3.6 Adjustment for Stock Splits, Dividends and Combinations. If this corporation shall at any time or from time to time after the Original Issue Date effect a subdivision of the outstanding Common Stock or shall issue a dividend in Common Stock on its outstanding Common Stock, the Conversion Ratio then in effect immediately before that subdivision shall be proportionately increased. If this corporation shall at any time or from time to time after the Original Issue Date combine the outstanding shares of Common Stock into a lesser number of shares of Common Stock, the Conversion Ratio then in effect immediately before the combination shall be proportionately decreased. Any adjustment under this paragraph shall become effective at the close of business on the date the subdivision or combination becomes effective.

3.7 Adjustments for Other Dividends and Distributions. In the event this corporation at any time or from time to time after the Original Issue Date shall make or issue a dividend or other distribution payable in securities of this corporation other than shares of Common Stock, then and in each such event provision shall be made so that the holders of shares of the Series A Preferred, Series B Preferred and Series C Preferred shall receive upon conversion thereof, in addition to the number of shares of Common Stock receivable thereupon, the amount of securities of this corporation that they would have received had their Series A Preferred, Series B Preferred and Series C Preferred been converted into Common Stock on the date of such event and had thereafter, during the period from the date of such event to and including the conversion date, retained such securities receivable by them as aforesaid during such period giving application to all adjustments called for during such period, under this paragraph with respect to the rights of the holders of the Series A Preferred, Series B Preferred and Series C Preferred.

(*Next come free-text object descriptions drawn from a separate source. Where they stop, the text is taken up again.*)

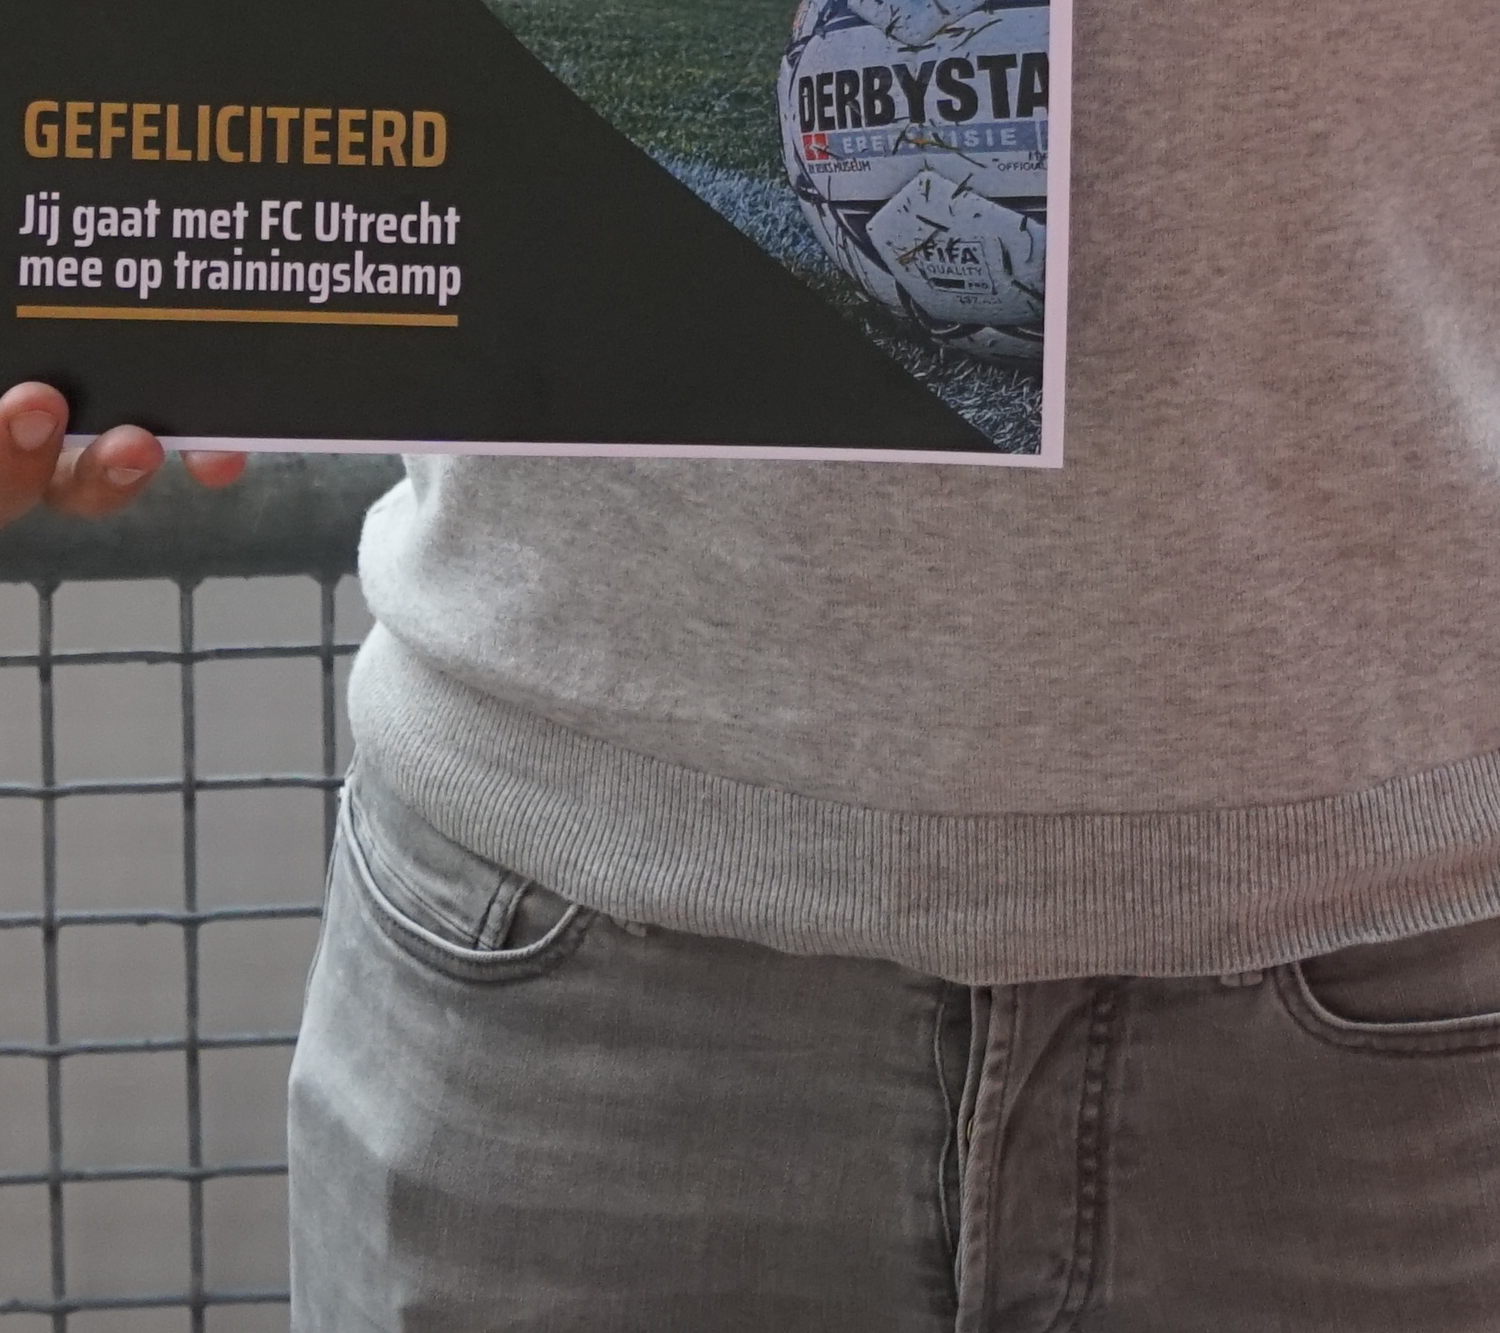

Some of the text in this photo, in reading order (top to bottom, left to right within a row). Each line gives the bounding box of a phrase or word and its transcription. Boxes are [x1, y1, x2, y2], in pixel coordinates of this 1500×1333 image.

[800, 52, 1049, 133] DERBYSTA
[24, 101, 447, 168] GEFELICITEERD
[842, 127, 1018, 155] EREISIE
[19, 192, 461, 248] Jij gaat met FC Utrecht
[19, 248, 462, 307] mee op trainingskamp
[922, 238, 980, 264] FIFA
[927, 264, 982, 276] QUALITY

3.8 No Impairment. This corporation will not, by amendment of its Amended and Restated Articles of Incorporation or through any reorganization, transfer of assets, consolidation, merger, dissolution, issue or sale of securities or any other voluntary action, avoid or seek to avoid the observance or performance of any of the terms to be observed or performed hereunder by this corporation, but will at all times in good faith assist in the carrying out of all the provisions of this Section 3 and in the taking of all such action as may be necessary or appropriate in order to protect the Conversion Rights of the holders of the Series A Preferred, Series B Preferred and Series C Preferred against impairment.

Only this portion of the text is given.